DOL recommits to opinion letters

The U.S. Department of Labor on Monday announced an opinion letter program that aims to allow individuals or organizations to receive official written interpretations of how labor laws apply to specific situations.

The program will span five departments — the Wage and Hour Division, the Occupational Safety and Health Administration, the Employee Benefits Security Administration, the Veterans’ Employment and Training Service and the Mine Safety and Health Administration — and will involve the publication of opinion letters, letters of interpretation, advisory opinions, information letters and, for MSHA, an information hub.

“Opinion letters are a powerful set of tools to help workers, employers, unions, industry groups and all other stakeholders to understand how federal labor law applies to real life situations,” Keith Sonderling, deputy secretary of labor, said in a video posted to his LinkedIn page. “These resources bring clarity to complex legal questions, which we believe the Department of Labor has a duty to provide.”

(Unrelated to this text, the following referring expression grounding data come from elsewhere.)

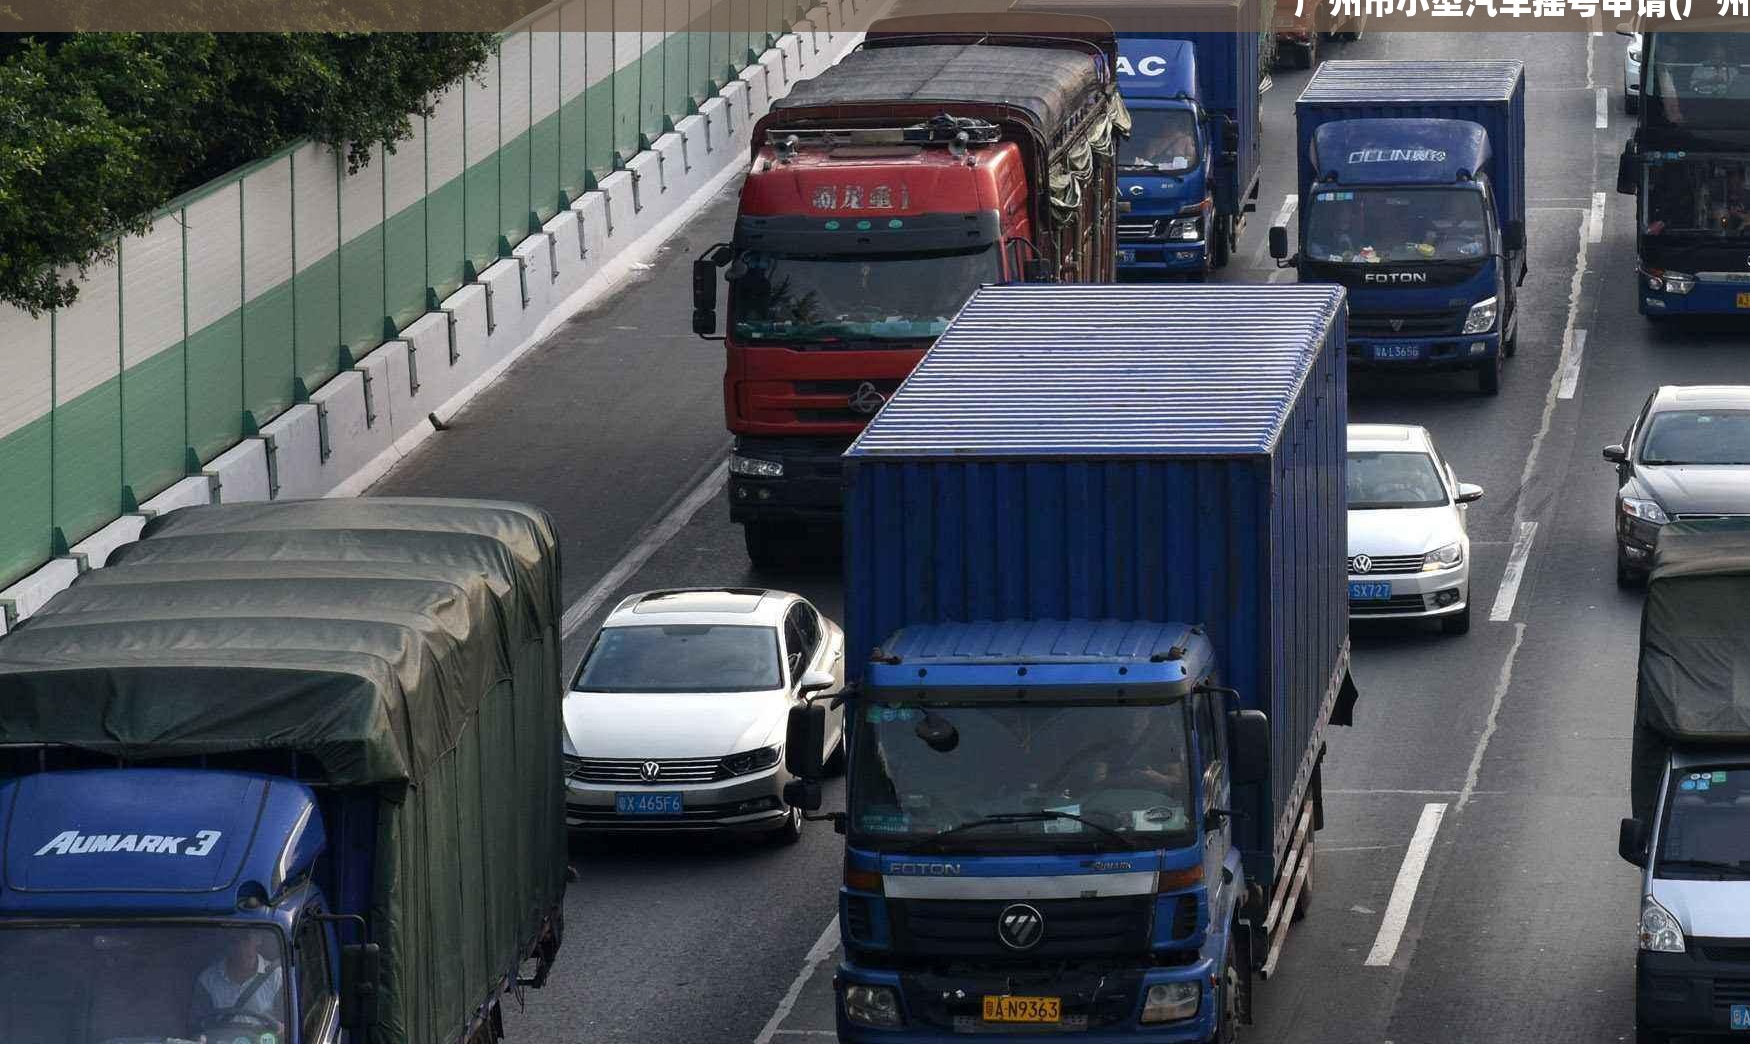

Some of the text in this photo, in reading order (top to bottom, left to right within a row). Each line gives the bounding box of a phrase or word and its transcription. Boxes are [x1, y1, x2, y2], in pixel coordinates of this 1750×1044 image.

[1116, 56, 1167, 76] AC
[1364, 272, 1427, 283] FOTON
[34, 830, 222, 857] AUMARK 3
[890, 863, 960, 874] FOTON
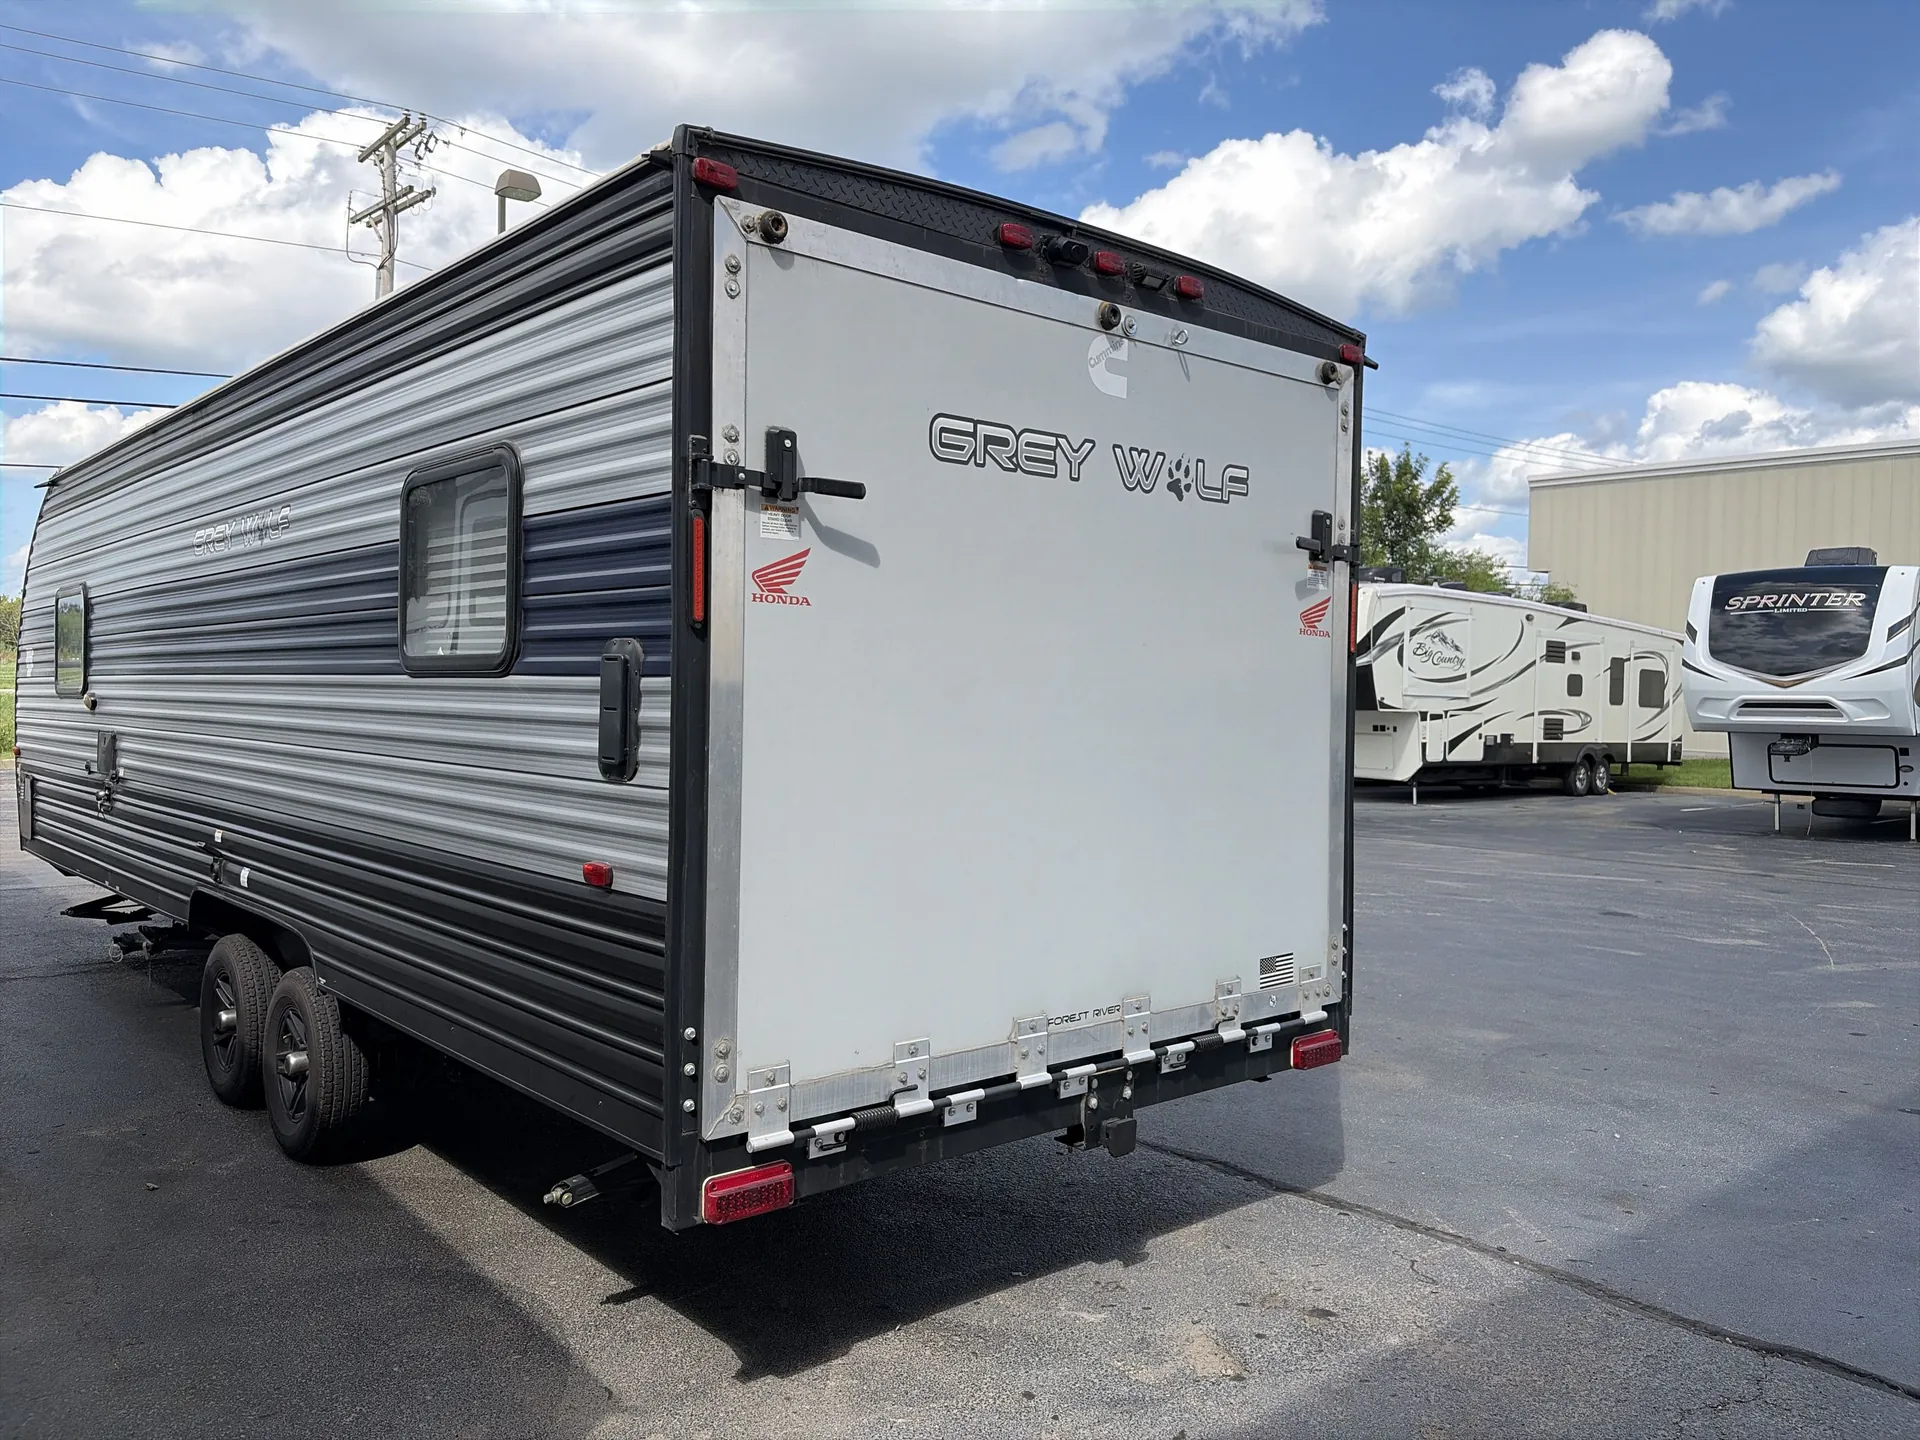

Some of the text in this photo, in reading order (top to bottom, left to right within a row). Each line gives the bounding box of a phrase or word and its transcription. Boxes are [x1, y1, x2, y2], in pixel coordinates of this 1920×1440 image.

[929, 412, 1249, 504] GREY WLF
[192, 504, 291, 557] GREY WLF
[751, 592, 812, 607] HONDA
[1724, 592, 1866, 611] SPRINTER
[1299, 628, 1331, 638] HONDA
[1412, 642, 1467, 672] Big Country
[1047, 1004, 1121, 1027] FOREST RIVER

The Biden administration issued a number of opinion letters in recent years, using the method to weigh in on whether the Family and Medical Leave Act covers leave for clinical trial participation, whether the Fair Labor Standards Act permits a bar owner who supervises workers but also tends bar to receive tips, whether holidays count against FMLA leave and more. 

DOL released its first opinion letter of the second Trump administration in early May, which reinstated a 2019 opinion letter on whether service providers working for a virtual marketplace company are employees or independent contractors under the FLSA. The 2019 letter had been withdrawn in 2021 by the Biden administration, along with some others. 

The Obama administration suspended the practice of issuing opinion letters in favor of “Administrator’s Interpretations” in 2010, but it was revived during the first Trump administration. Employers have generally found them to be useful in navigating workplace policy and as a potential defense in court.